------ Data listing ------

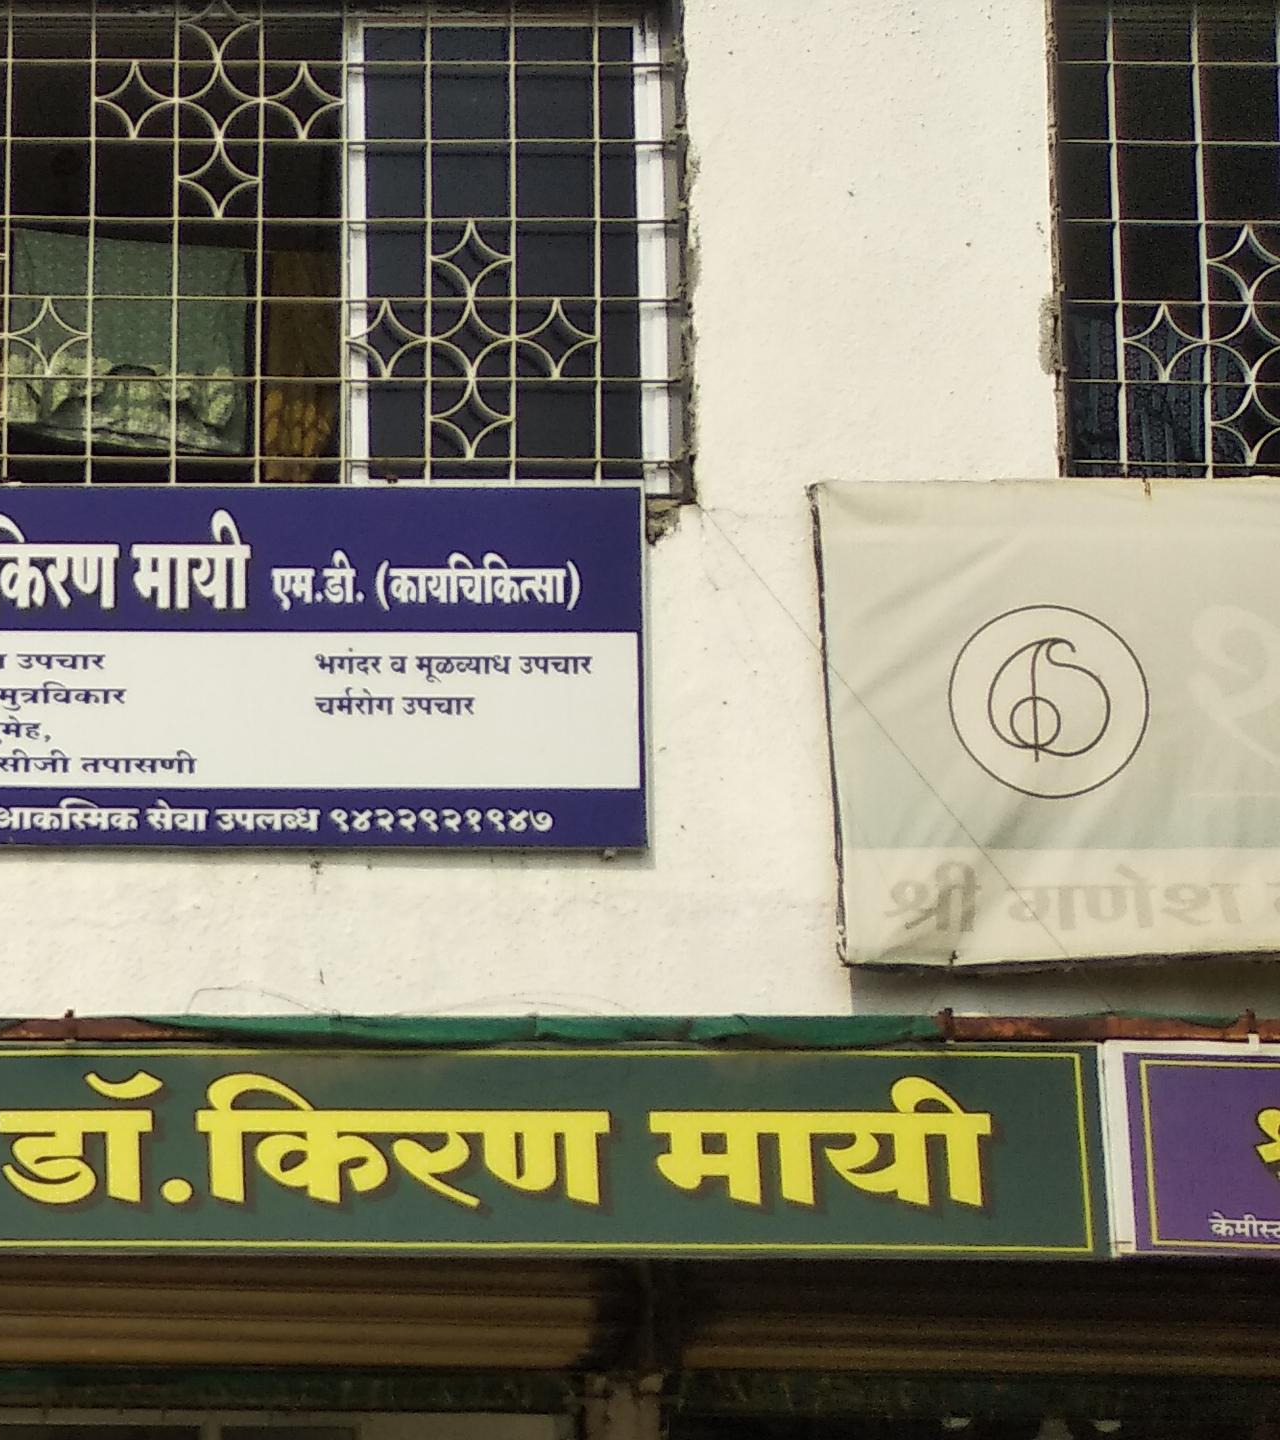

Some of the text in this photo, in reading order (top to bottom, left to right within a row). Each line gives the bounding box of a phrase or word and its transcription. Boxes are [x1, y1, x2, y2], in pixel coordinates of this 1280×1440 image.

[130, 509, 251, 610] मायी
[271, 550, 366, 612] एम.डी.
[375, 551, 582, 613] (कायचिकित्सा)
[16, 653, 107, 671] उपचार
[314, 647, 593, 683] भगंदर व मूळव्याध उपचार
[314, 686, 476, 716] चर्मरोग उपचार
[81, 749, 199, 776] तपासणी
[145, 799, 211, 832] सेवा
[215, 806, 322, 833] उपलब्ध
[328, 806, 556, 834] ९४२२९२१९४७
[884, 860, 982, 933] श्री
[648, 1074, 994, 1206] मायी
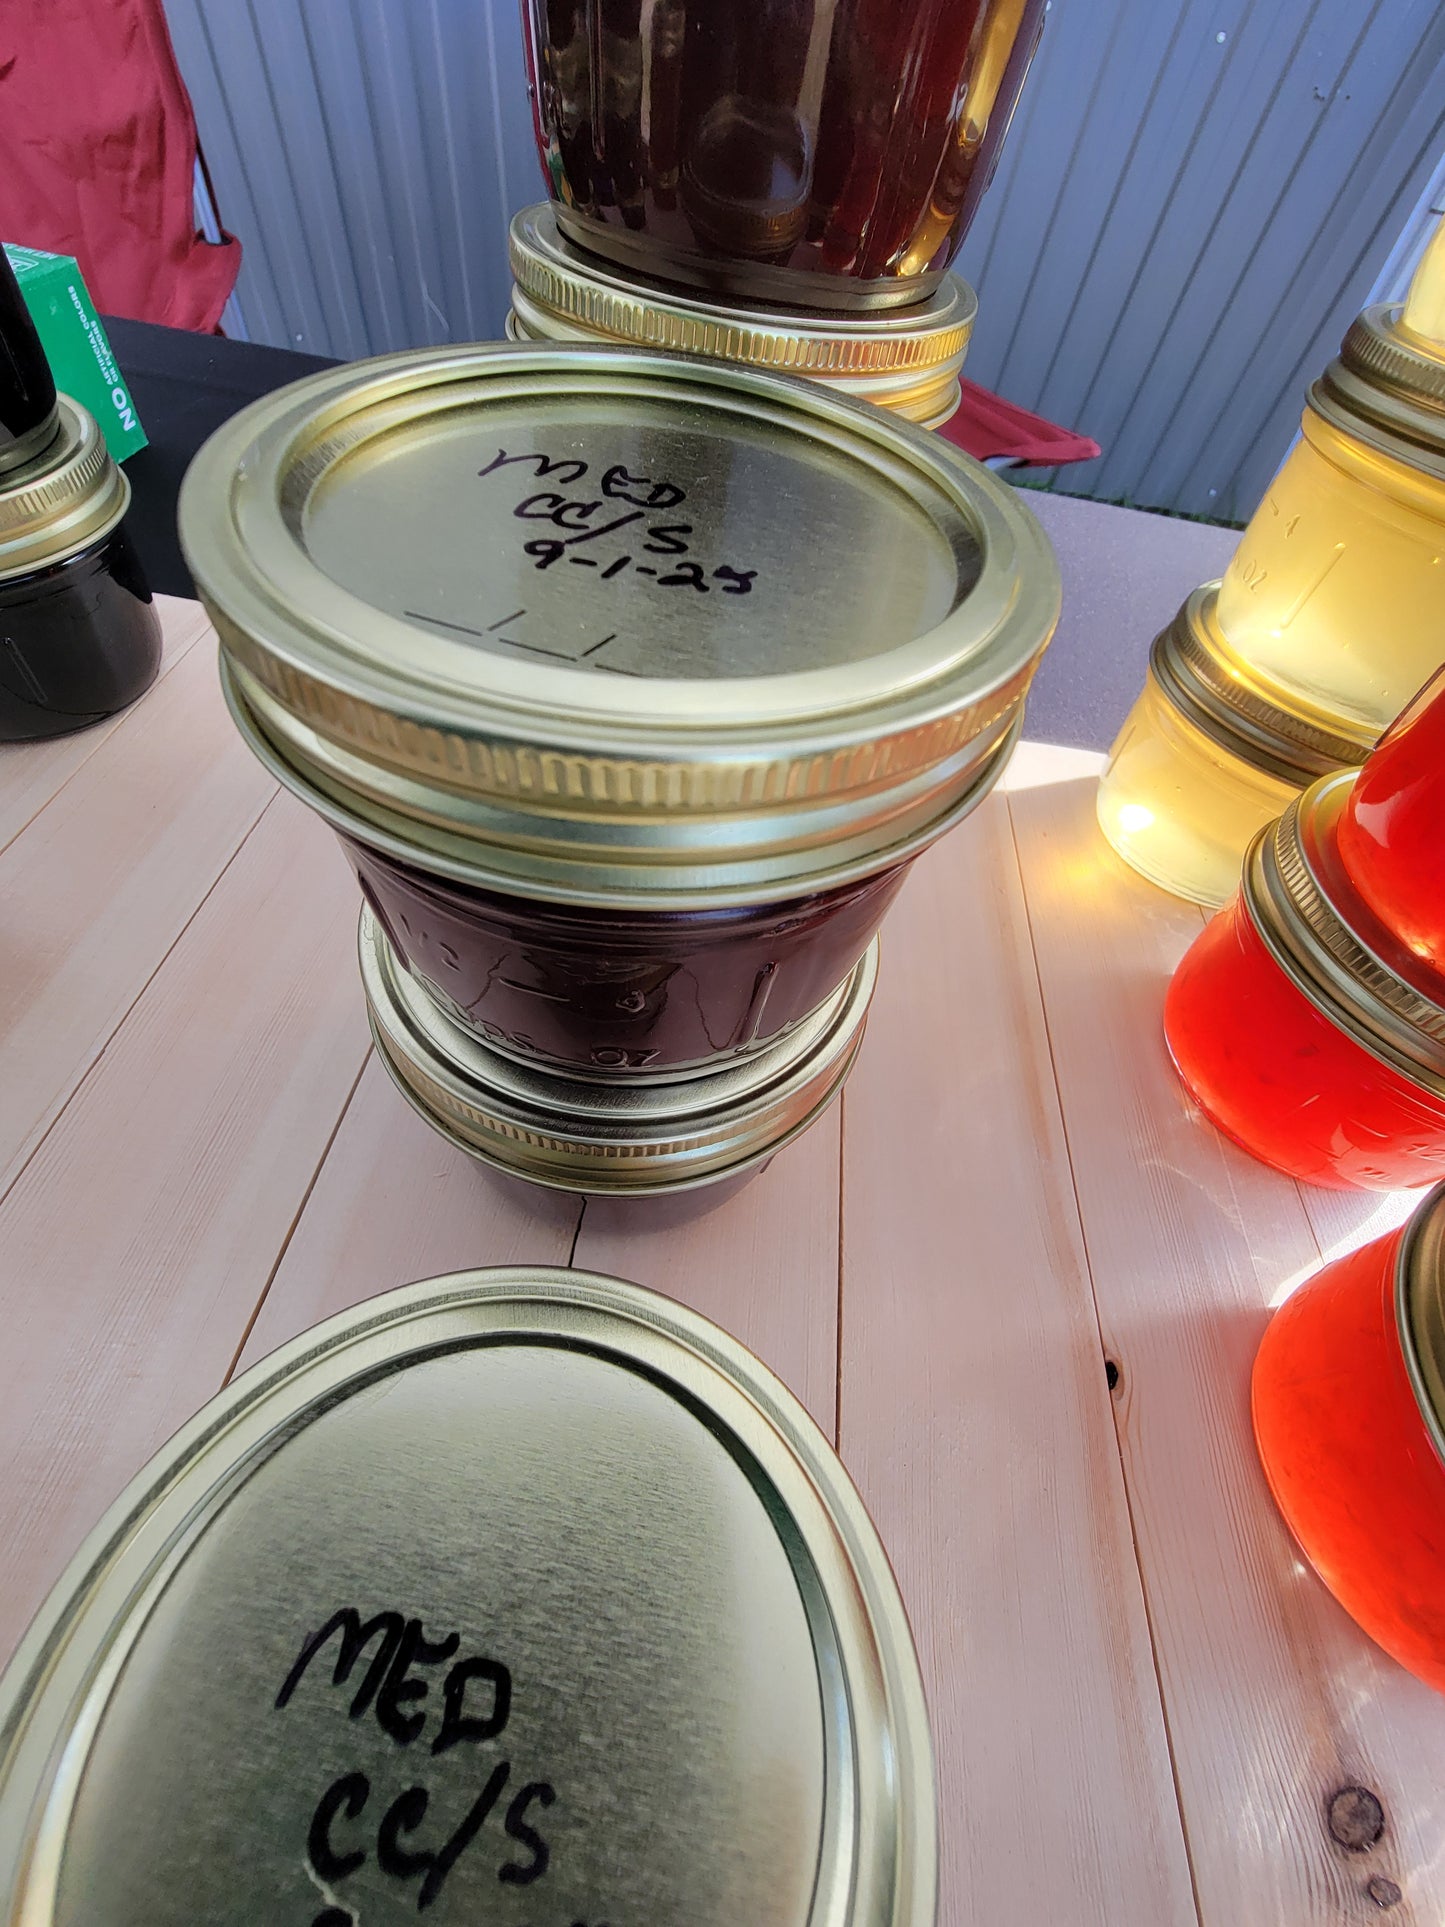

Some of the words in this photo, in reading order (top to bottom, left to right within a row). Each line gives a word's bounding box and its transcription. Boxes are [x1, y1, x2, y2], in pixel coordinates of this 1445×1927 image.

[67, 285, 90, 330] COLORS
[88, 331, 113, 385] ARTIFICIAL
[90, 320, 112, 366] FLAVORS
[109, 366, 119, 382] OR
[111, 387, 137, 431] NO
[477, 448, 687, 509] MED
[274, 1607, 512, 1756] MED
[307, 1761, 556, 1912] CC/S
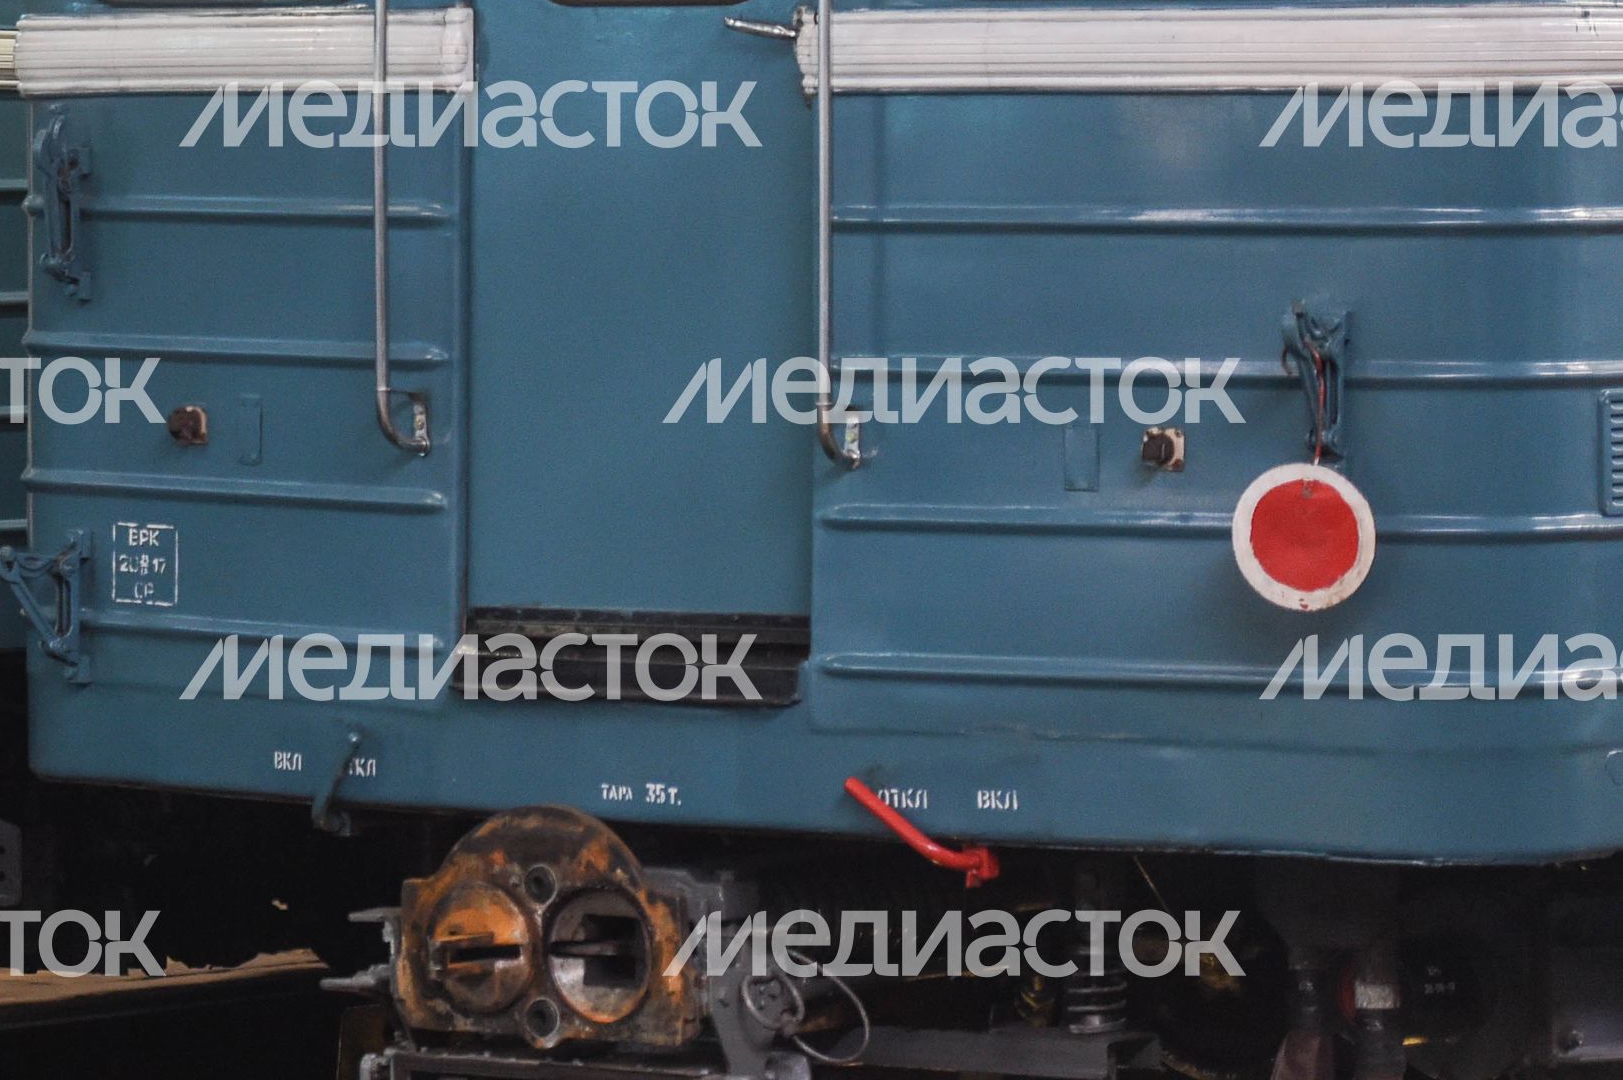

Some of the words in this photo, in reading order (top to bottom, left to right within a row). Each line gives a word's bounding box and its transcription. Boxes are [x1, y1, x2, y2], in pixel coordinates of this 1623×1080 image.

[274, 750, 302, 772] ВКЛ
[601, 783, 633, 801] ТАРА
[977, 789, 1018, 811] ВКЛ

------

Exercise details:
Word-for-word transcript, pictures excluded: copy all the material above.

Expected output:
Some of the text in this photo, in reading order (top to bottom, left to right within a row). Each line gives the bounding box of a phrase or word and its transcription. Boxes are [x1, y1, x2, y2], in pixel coordinates of this 1280×1440 image.

[130, 509, 251, 610] मायी
[271, 550, 366, 612] एम.डी.
[375, 551, 582, 613] (कायचिकित्सा)
[16, 653, 107, 671] उपचार
[314, 647, 593, 683] भगंदर व मूळव्याध उपचार
[314, 686, 476, 716] चर्मरोग उपचार
[81, 749, 199, 776] तपासणी
[145, 799, 211, 832] सेवा
[215, 806, 322, 833] उपलब्ध
[328, 806, 556, 834] ९४२२९२१९४७
[884, 860, 982, 933] श्री
[648, 1074, 994, 1206] मायी

Some of the words in this photo, in reading order (top to bottom, left to right within a row). Each line gives a word's bounding box and its transcription. Boxes are [x1, y1, x2, y2], in pixel coordinates of this 1445×1927 image.

[67, 285, 90, 330] COLORS
[88, 331, 113, 385] ARTIFICIAL
[90, 320, 112, 366] FLAVORS
[109, 366, 119, 382] OR
[111, 387, 137, 431] NO
[477, 448, 687, 509] MED
[274, 1607, 512, 1756] MED
[307, 1761, 556, 1912] CC/S

Some of the words in this photo, in reading order (top to bottom, left to right within a row). Each line gives a word's bounding box and its transcription. Boxes are [x1, y1, x2, y2], in pixel coordinates of this 1623×1080 image.

[274, 750, 302, 772] ВКЛ
[601, 783, 633, 801] ТАРА
[977, 789, 1018, 811] ВКЛ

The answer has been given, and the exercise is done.